Work instruction
The whole listing, apart from its images, should be restated word for word.
··········
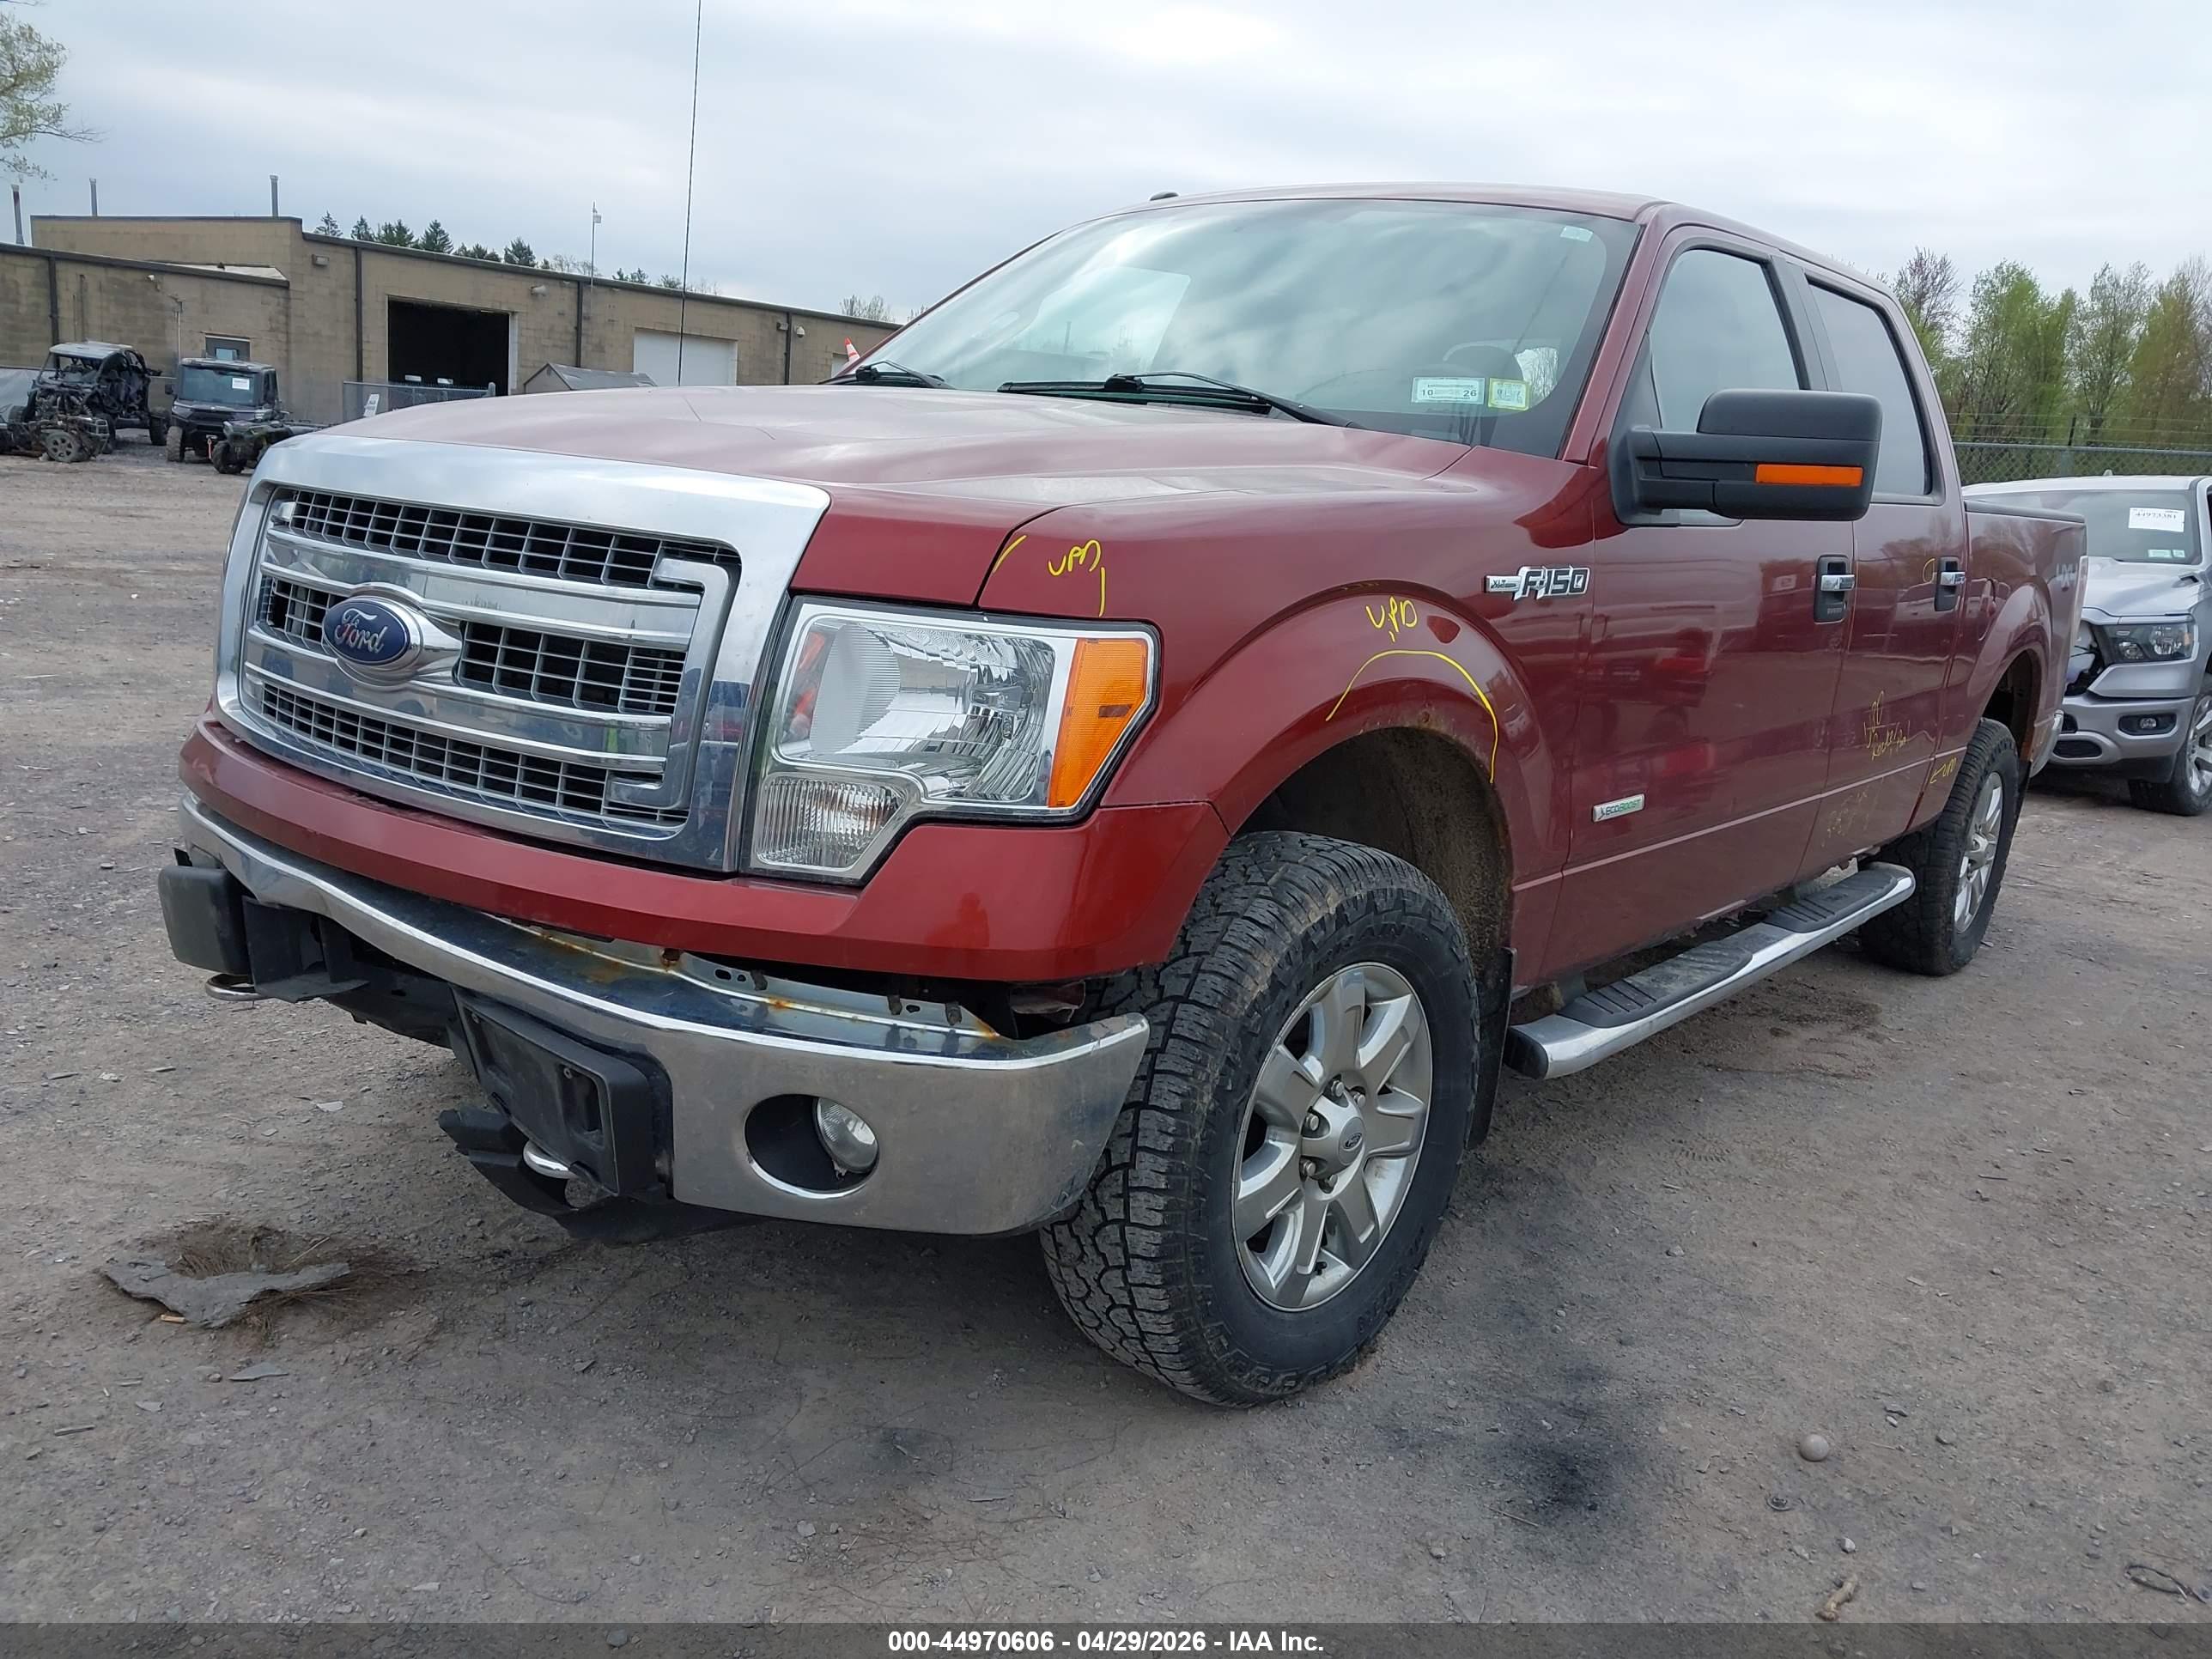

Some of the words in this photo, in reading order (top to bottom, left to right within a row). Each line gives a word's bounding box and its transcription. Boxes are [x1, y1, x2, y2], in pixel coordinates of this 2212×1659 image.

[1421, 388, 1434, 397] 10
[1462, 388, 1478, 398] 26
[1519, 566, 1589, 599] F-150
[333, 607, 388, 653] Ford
··········
Completed exercise
Some of the words in this photo, in reading order (top to bottom, left to right within a row). Each line gives a word's bounding box and its transcription. Boxes are [x1, y1, x2, y2], in pixel coordinates of this 2212×1659 image.

[1421, 388, 1434, 397] 10
[1462, 388, 1478, 398] 26
[1519, 566, 1589, 599] F-150
[333, 607, 388, 653] Ford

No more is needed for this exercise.